- _AIM OF THE TASK_
Exclude all pictures, then copy each of the records exactly as written.
....
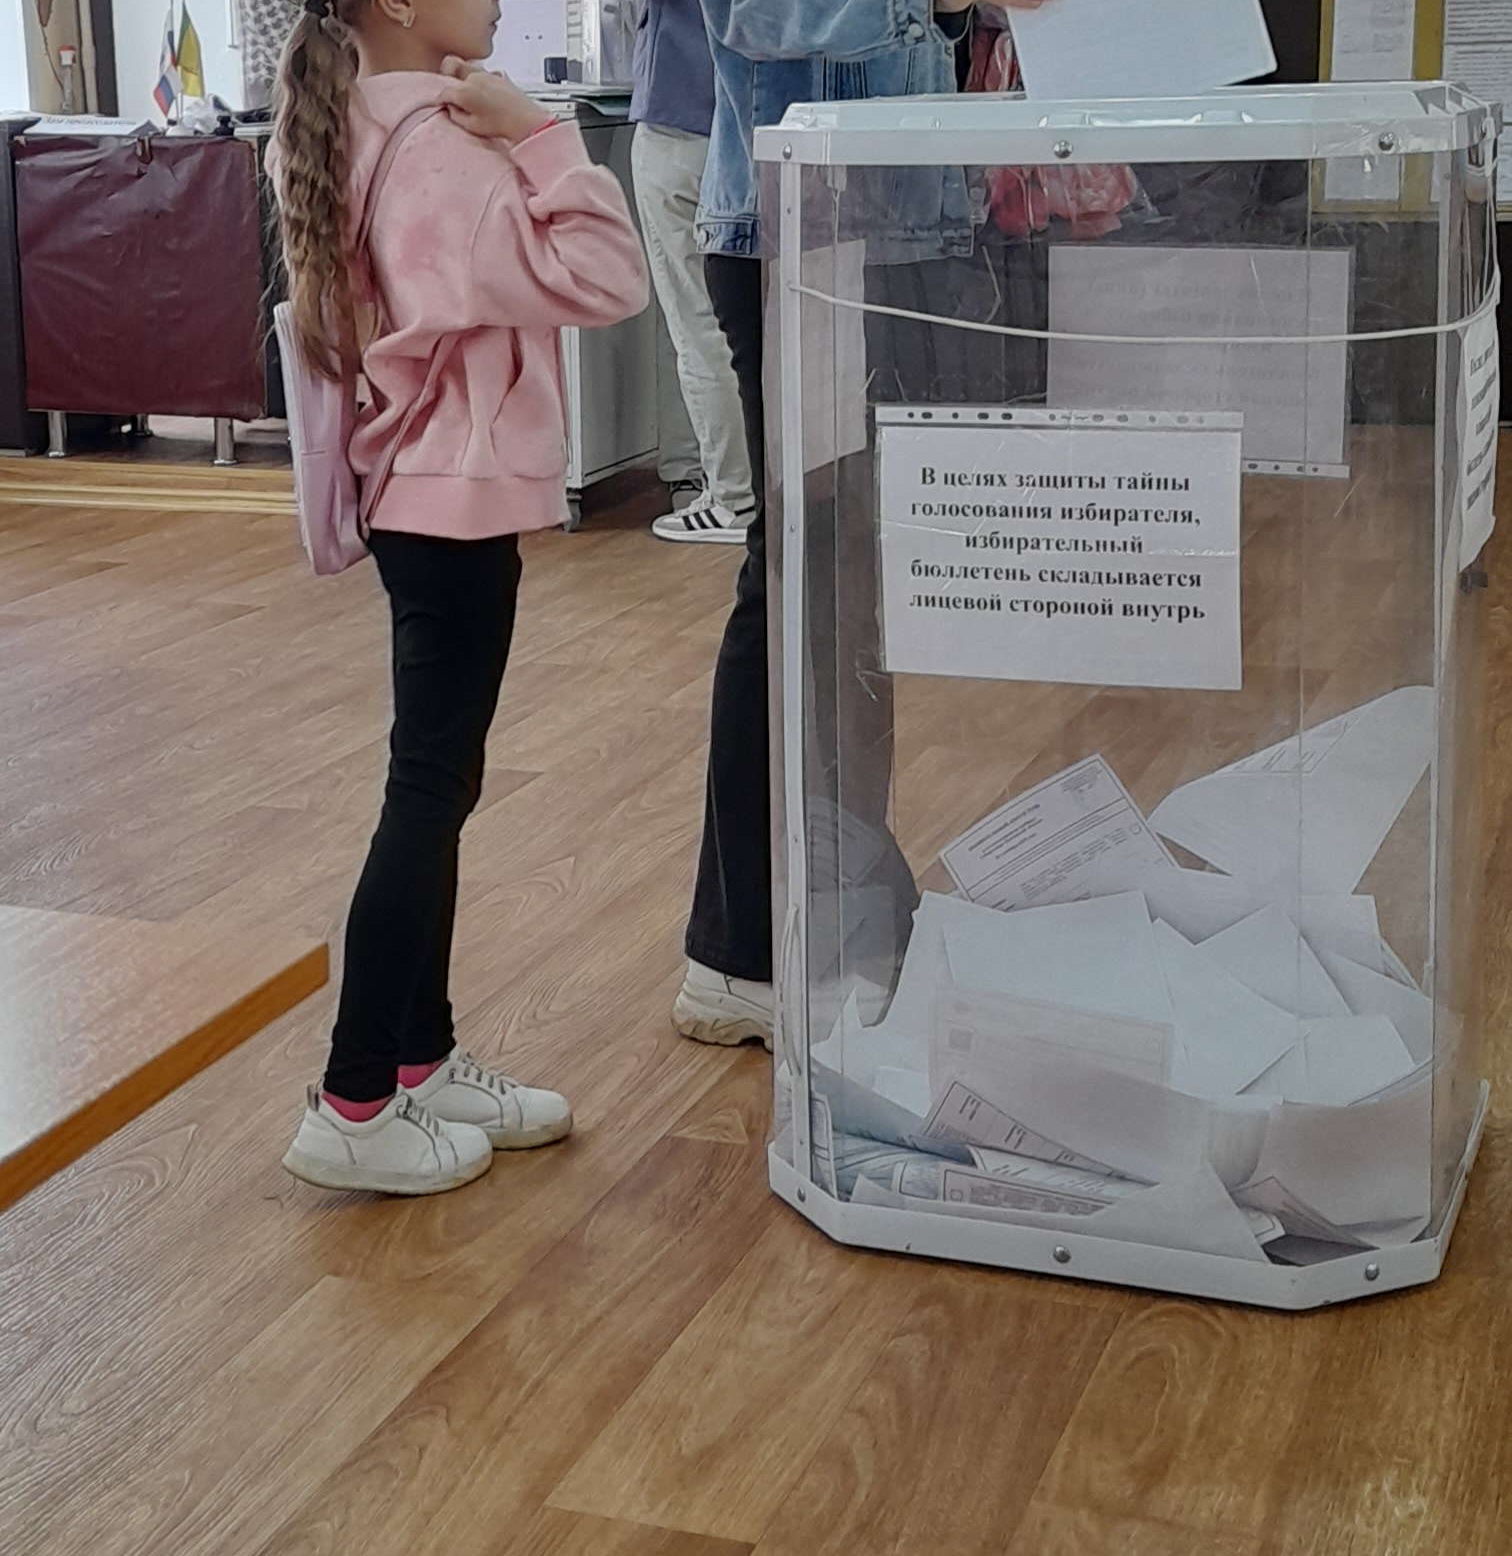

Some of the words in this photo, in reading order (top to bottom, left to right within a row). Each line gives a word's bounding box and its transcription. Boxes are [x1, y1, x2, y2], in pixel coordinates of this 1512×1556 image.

[920, 466, 937, 486] В
[943, 471, 1008, 489] целях
[1014, 473, 1107, 491] защиты
[1113, 471, 1190, 492] тайны
[910, 500, 1053, 521] голосования
[1061, 502, 1201, 527] избирателя,
[965, 531, 1143, 555] избирательный
[910, 558, 1031, 582] бюллетень
[1037, 567, 1202, 589] складывается
[909, 593, 1002, 613] лицевой
[1009, 598, 1113, 619] стороной
[1122, 603, 1205, 624] внутрь
....
- _SOLUTION TO THIS EXERCISE_
Some of the words in this photo, in reading order (top to bottom, left to right within a row). Each line gives a word's bounding box and its transcription. Boxes are [x1, y1, x2, y2], in pixel coordinates of this 1512×1556 image.

[920, 466, 937, 486] В
[943, 471, 1008, 489] целях
[1014, 473, 1107, 491] защиты
[1113, 471, 1190, 492] тайны
[910, 500, 1053, 521] голосования
[1061, 502, 1201, 527] избирателя,
[965, 531, 1143, 555] избирательный
[910, 558, 1031, 582] бюллетень
[1037, 567, 1202, 589] складывается
[909, 593, 1002, 613] лицевой
[1009, 598, 1113, 619] стороной
[1122, 603, 1205, 624] внутрь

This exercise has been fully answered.